Erratum: Influence of Omalizumab on Allergen-Specific IgE in Patients with Adult Asthma

Background: Omalizumab, an anti-immunoglobulin E (IgE) monoclonal antibody, inhibits the binding of circulating IgE to mast cells and basophils, resulting in fewer episodes of airway inflammation, asthma symptoms and exacerbations in patients with severe allergic asthma. Treatment of patients with asthma using omalizumab increases serum total IgE (tIgE) levels. However, little is known about the influence of omalizumab on allergen-specific IgE (sIgE). Methods: tIgE and sIgE in 47 adult patients with severe asthma were measured with a fluorescent enzyme immunoassay (ImmunoCAP-FEIA) before and after omalizumab treatment.

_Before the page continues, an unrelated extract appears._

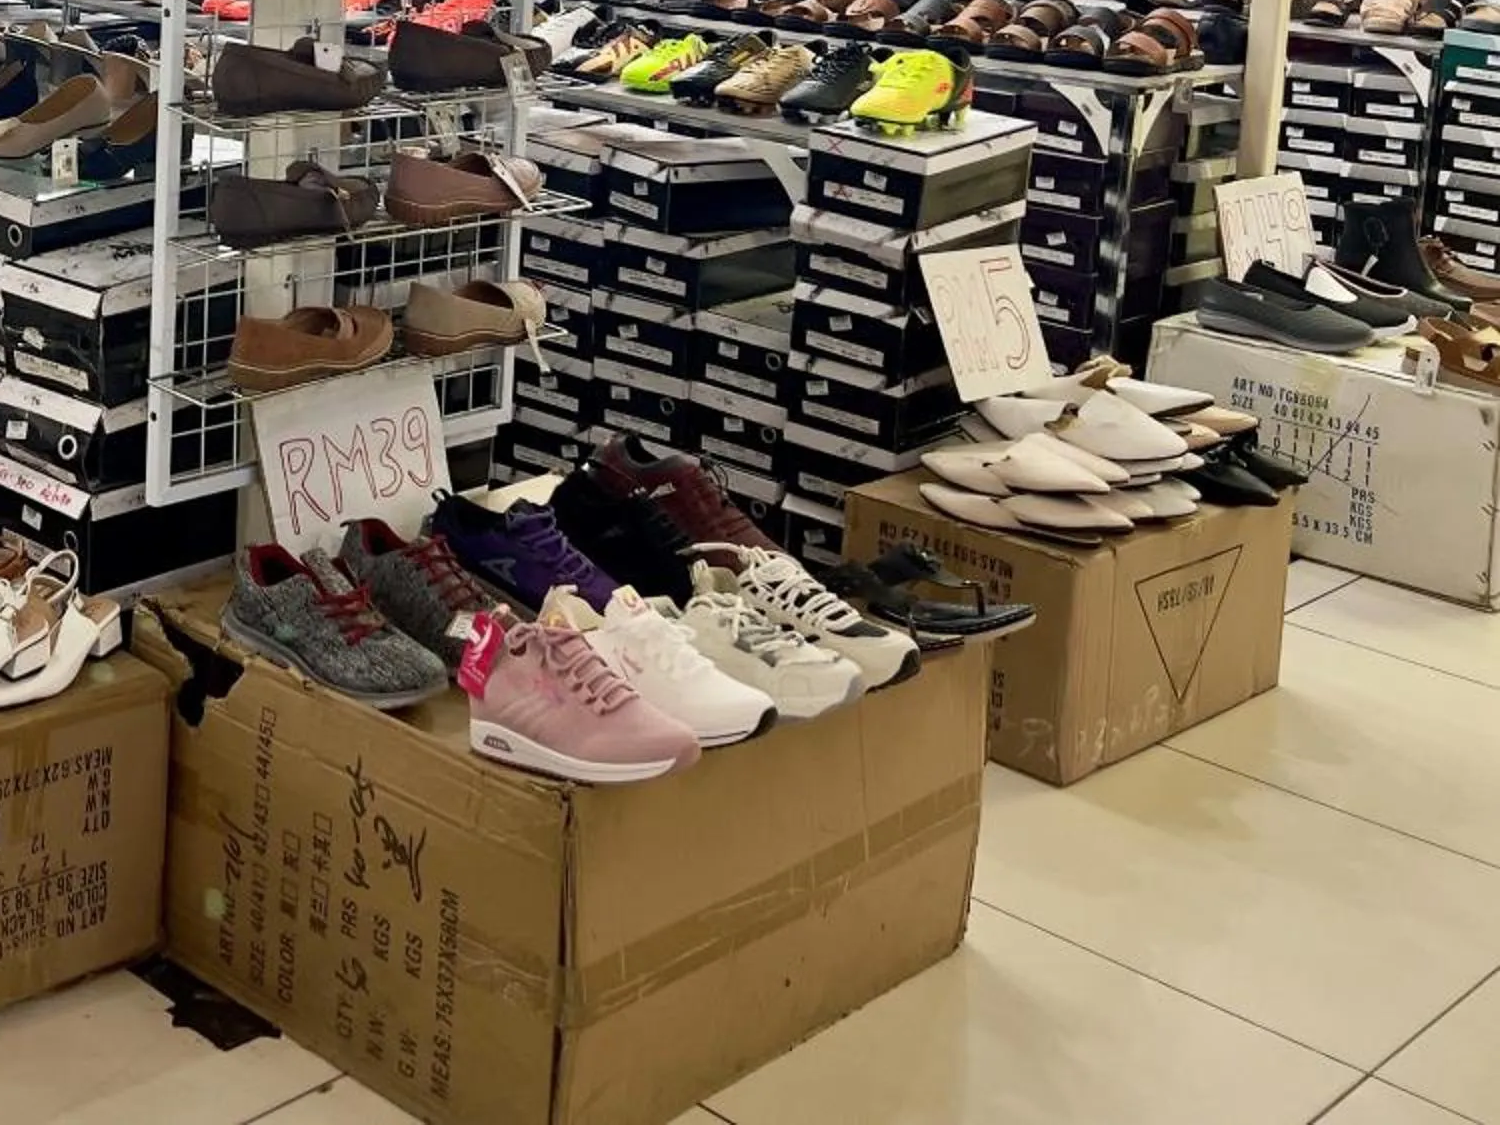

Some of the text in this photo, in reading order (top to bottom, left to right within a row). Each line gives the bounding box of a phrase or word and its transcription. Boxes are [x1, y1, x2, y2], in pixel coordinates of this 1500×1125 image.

Results: Treatment with omalizumab increased tIgE and sIgE levels. The increases in sIgE by class category after omalizumab treatment were positively correlated with baseline sIgE positivity before treatment. The mean changes in sIgE levels after omalizumab treatment were also correlated with baseline sIgE levels before treatment. The mean changes in tIgE levels were positively correlated with the mean changes in IgE levels against Dermatophagoides pteronyssinus, crude house dust, Japanese cedar and moth. Omalizumab markedly influenced the negative-to-positive seroconversion rate for IgE against Japanese cedar (30.8%), Candida (29.0%) and moth (28.0%). Finally, all patients with negative-to-positive seroconversion for Japanese cedar-specific IgE had cedar pollinosis before beginning omalizumab treatment. Conclusions: The changes in sIgE levels after omalizumab treatment may be dependent on the baseline sIgE levels. Our data may indicate the presence of undetectable but functional sIgE.